Peopleone Consulting started operations in 2000 by Ajit Isaac, current CEO of Adecco India with equity investment from JP Morgan Partners and one other financial investor. In 2004, Adecco’s acquisition had included the 20% stake that JP Morgan held in Peopleone, and the rest from promoters and individual investors.
The residual equity stake, which has now been bought by Adecco, was held by the Peopleone management team, led by Ajit Isaac. In fact, 10-12% of the company was in the form of ESOPs, held by about 200 people, sources said.
When contacted, Mr Isaac declined to comment on the stake sale.

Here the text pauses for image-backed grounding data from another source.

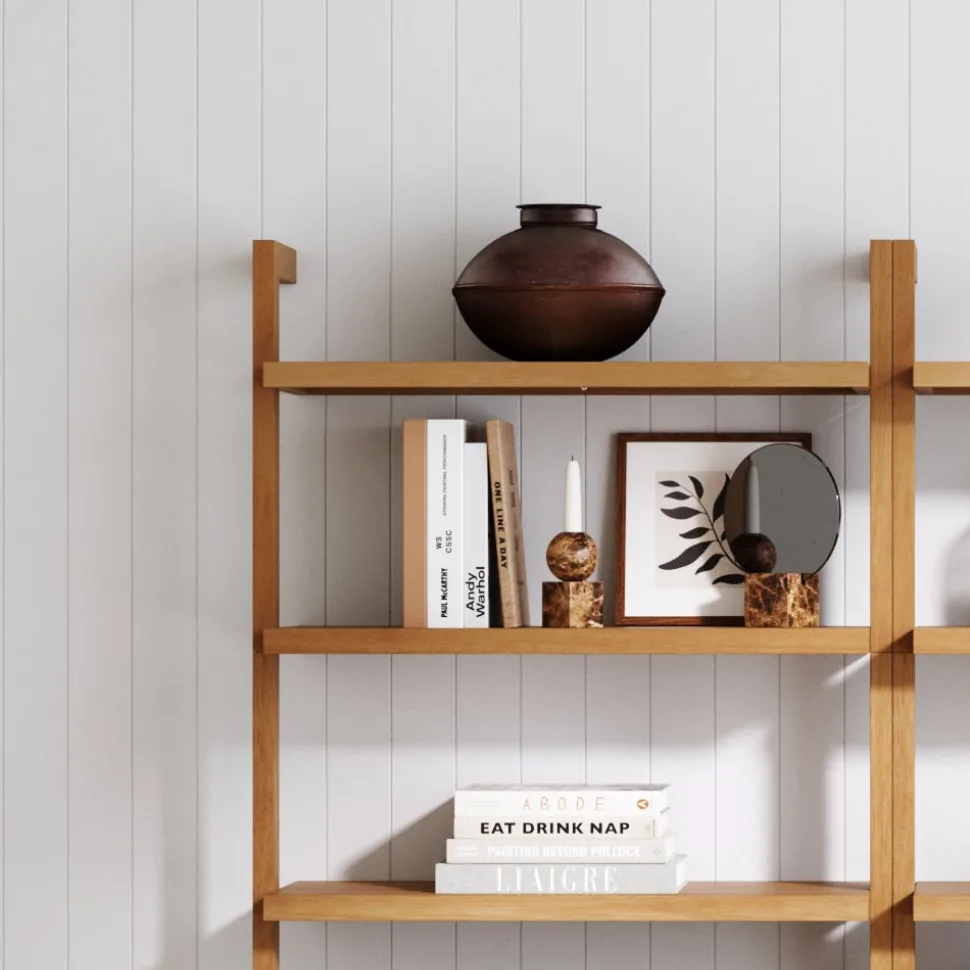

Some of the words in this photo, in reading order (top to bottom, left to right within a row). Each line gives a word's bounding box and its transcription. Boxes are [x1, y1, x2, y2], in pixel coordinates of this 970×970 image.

[494, 481, 503, 503] ONE
[496, 508, 506, 532] LINE
[435, 536, 443, 550] WS
[445, 530, 453, 554] CSSC
[500, 547, 509, 569] DAY
[465, 572, 478, 611] Andy
[475, 566, 486, 618] Warhol
[480, 822, 516, 834] EAT
[522, 822, 584, 834] DRINK
[590, 822, 630, 834] NAP
[495, 866, 618, 893] LIAIGRE
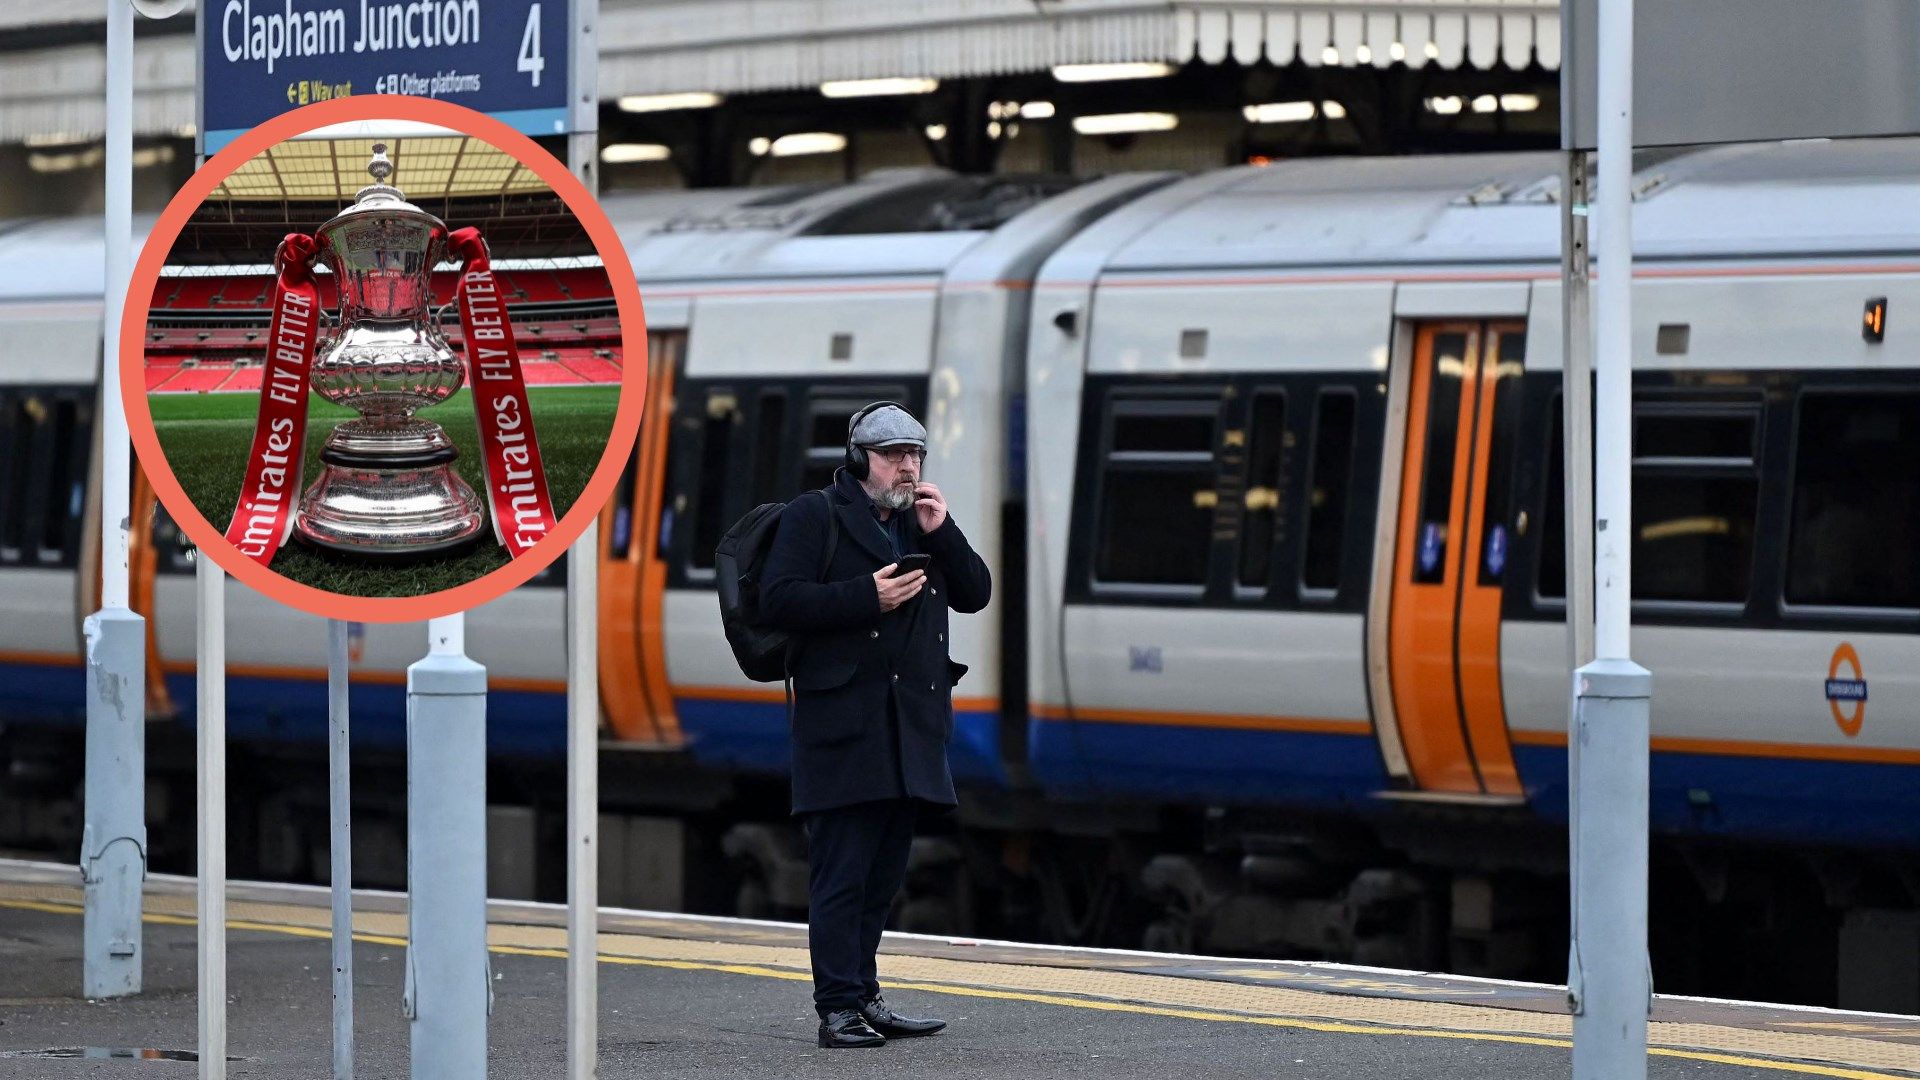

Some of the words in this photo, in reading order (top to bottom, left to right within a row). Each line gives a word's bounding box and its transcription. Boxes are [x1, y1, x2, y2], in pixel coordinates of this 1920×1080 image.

[222, 0, 346, 74] Clapham
[353, 0, 480, 53] Junction
[517, 3, 545, 87] 4
[311, 81, 333, 101] Way
[334, 80, 352, 97] out
[400, 73, 430, 95] Other
[430, 70, 481, 98] platforms
[276, 291, 312, 364] BETTER
[465, 270, 505, 339] BETTER
[270, 366, 301, 404] FLY
[478, 347, 513, 380] FLY

He, however, said: “Adecco India plans to expand to 52 branches in India from its current 37 by the end of this year and invest in starting more product lines. We are aiming to touch $120-130 million (Rs 480-520 crore) in revenues this year.”
In 2006, Adecco India had revenues of over Rs 300 crore, having seen a compounded growth rate of 600% over the past three years. He also said that Adecco India is close to acquiring an HR company with expertise in blue-collared workers. The deal is likely to be closed in next 45 days.